[Saved data entries]
■ ■ ■

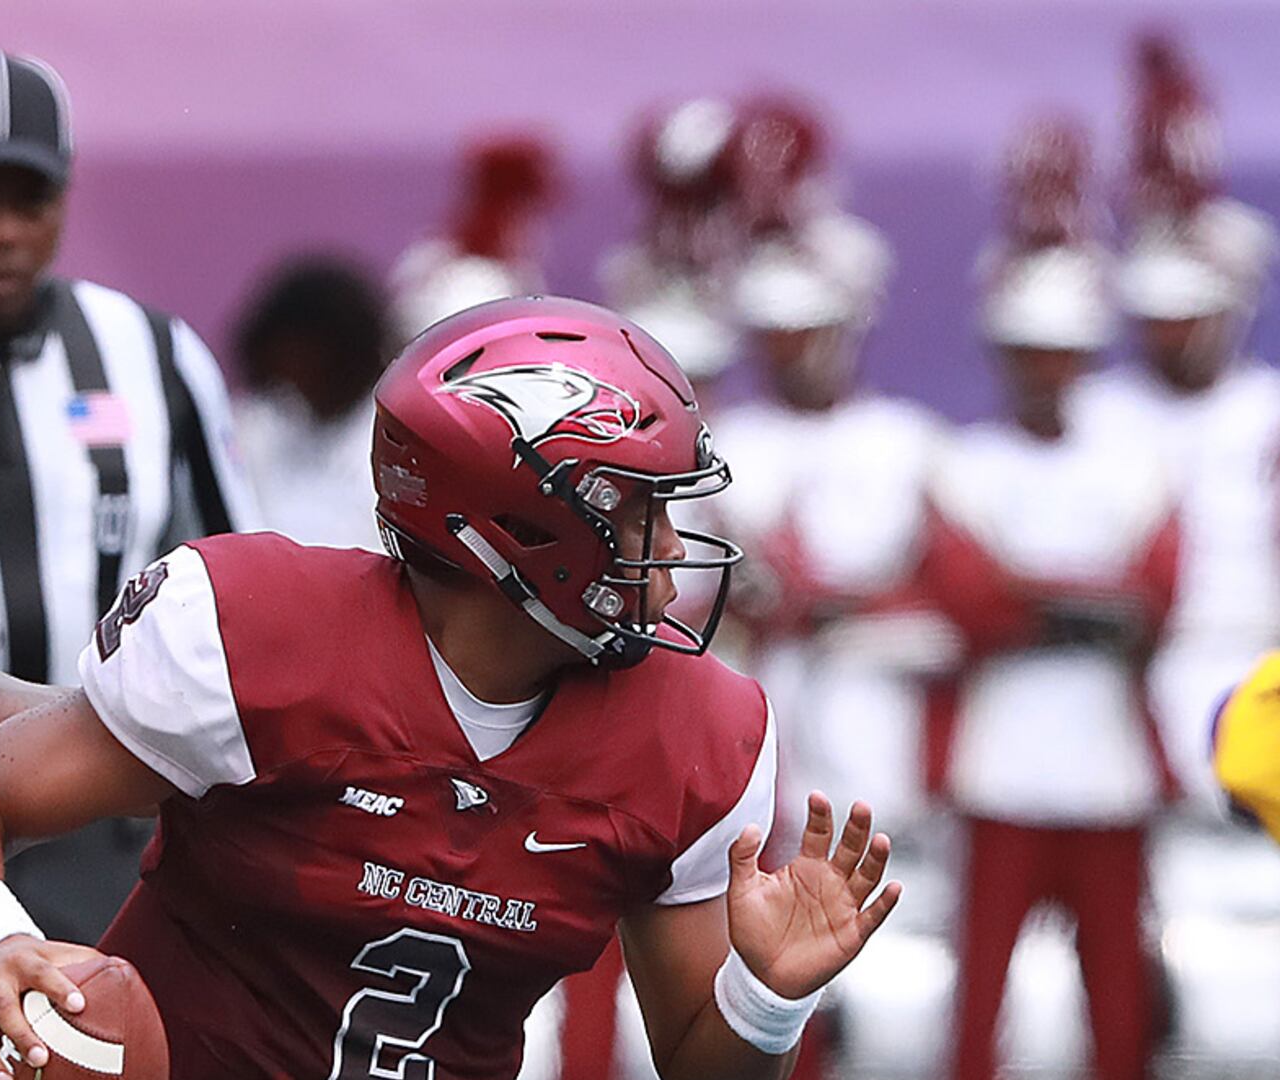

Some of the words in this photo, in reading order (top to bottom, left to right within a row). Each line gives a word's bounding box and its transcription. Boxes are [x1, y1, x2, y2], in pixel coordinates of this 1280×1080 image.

[95, 560, 169, 664] 2
[338, 786, 405, 817] MEAC
[357, 861, 405, 899] NC
[404, 876, 538, 932] CENTRAL

■ ■ ■

§ Exercise: Print all the records again exactly; do not include any picture.

§ Solution to the exercise:
Some of the words in this photo, in reading order (top to bottom, left to right within a row). Each line gives a word's bounding box and its transcription. Boxes are [x1, y1, x2, y2], in pixel coordinates of this 1280×1080 image.

[95, 560, 169, 664] 2
[338, 786, 405, 817] MEAC
[357, 861, 405, 899] NC
[404, 876, 538, 932] CENTRAL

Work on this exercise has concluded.